A team of researchers from the United States and the Netherlands has identified mutations in three genes that are associated with high levels of uric acid in the blood, which is a risk factor for gout.
The team developed a genetic risk score composed of the number of uric acid-increasing mutations that each person carries (0 to 6), which was associated with up to a 40-fold increased risk for developing gout when comparing persons at lowest and highest risk. The findings are published in the October 4 issue of The Lancet.
More than 3 million adults in the United States have gout. Gout is a painful inflammation of the joints, which can occur with a build-up of uric acid in the blood (hyperuricaemia). Besides a genetic disposition, obesity, a diet high in meat and cheese, as well as alcohol consumption and certain medications can increase the risk for developing the disease.

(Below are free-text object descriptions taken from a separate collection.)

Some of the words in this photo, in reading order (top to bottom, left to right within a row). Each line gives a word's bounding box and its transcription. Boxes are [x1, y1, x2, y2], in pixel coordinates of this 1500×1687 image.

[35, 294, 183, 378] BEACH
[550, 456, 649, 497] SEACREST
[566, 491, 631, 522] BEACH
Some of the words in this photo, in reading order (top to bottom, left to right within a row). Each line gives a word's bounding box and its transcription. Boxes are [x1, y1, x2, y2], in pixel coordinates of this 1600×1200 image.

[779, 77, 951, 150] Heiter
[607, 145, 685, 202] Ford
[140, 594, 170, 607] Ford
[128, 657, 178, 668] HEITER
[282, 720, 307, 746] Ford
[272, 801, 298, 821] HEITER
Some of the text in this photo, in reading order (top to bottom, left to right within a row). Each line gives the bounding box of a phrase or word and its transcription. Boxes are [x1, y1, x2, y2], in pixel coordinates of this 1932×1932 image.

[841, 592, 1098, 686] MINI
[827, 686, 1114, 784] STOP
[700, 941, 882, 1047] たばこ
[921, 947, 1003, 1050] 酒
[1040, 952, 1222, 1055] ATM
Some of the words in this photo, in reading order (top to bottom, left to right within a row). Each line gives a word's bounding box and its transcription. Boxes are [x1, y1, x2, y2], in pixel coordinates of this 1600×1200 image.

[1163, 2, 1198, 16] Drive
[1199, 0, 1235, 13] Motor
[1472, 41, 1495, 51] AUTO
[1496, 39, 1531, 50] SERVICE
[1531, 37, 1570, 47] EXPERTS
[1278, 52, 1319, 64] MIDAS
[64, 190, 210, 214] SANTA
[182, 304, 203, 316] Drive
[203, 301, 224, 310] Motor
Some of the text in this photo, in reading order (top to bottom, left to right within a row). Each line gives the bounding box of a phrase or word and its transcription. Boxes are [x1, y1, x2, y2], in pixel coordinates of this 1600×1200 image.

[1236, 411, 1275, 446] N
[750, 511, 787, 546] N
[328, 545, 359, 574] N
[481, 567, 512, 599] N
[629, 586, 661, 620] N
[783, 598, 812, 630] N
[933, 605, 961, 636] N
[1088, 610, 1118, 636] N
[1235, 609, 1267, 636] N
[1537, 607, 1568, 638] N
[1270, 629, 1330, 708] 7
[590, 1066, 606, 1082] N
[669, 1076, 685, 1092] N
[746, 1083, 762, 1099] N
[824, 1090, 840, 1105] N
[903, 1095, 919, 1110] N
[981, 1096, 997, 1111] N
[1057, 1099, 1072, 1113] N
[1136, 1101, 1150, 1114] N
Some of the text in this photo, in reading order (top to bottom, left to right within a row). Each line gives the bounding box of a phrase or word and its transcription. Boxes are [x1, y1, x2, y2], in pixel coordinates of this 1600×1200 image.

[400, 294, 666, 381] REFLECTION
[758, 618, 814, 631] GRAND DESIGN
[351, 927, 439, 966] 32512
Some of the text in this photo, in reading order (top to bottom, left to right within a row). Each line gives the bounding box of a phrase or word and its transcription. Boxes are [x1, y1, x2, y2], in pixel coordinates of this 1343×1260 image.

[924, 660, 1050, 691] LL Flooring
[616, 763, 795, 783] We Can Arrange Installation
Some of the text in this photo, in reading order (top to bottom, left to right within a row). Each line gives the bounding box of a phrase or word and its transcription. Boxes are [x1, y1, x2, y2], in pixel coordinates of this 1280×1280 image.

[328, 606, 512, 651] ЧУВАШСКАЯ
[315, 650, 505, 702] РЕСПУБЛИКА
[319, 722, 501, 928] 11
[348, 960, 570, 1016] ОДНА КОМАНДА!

The researchers conducted genome-wide association studies of more than 20,000 people enrolled in three large population-based studies investigating cardiovascular disease risk factors: the Framingham Heart Study based at Boston University Medical Center; the Rotterdam Study based at Erasmus Medical Centre in Rotterdam, the Netherlands; and the Atherosclerosis Risk in Communities (ARIC) study based at Johns Hopkins University. Of more than 500,000 genetic variations that were evaluated, the analysis identified two genes, ABCG2 and SLC17A3, as novel risk genes for gout and confirmed the association of a third gene, SLC2A9.
"This research gives us a better understanding of the underlying causes of gout, which could lead to better prevention and treatment. Our evidence supports that a common pathway, the handling of uric acid by the kidney, is important in uric acid build-up and therefore for the development of gout," said study author, Anna Köttgen, MD, MPH, an assistant scientist in the Johns Hopkins Bloomberg School of Public Health's Department of Epidemiology.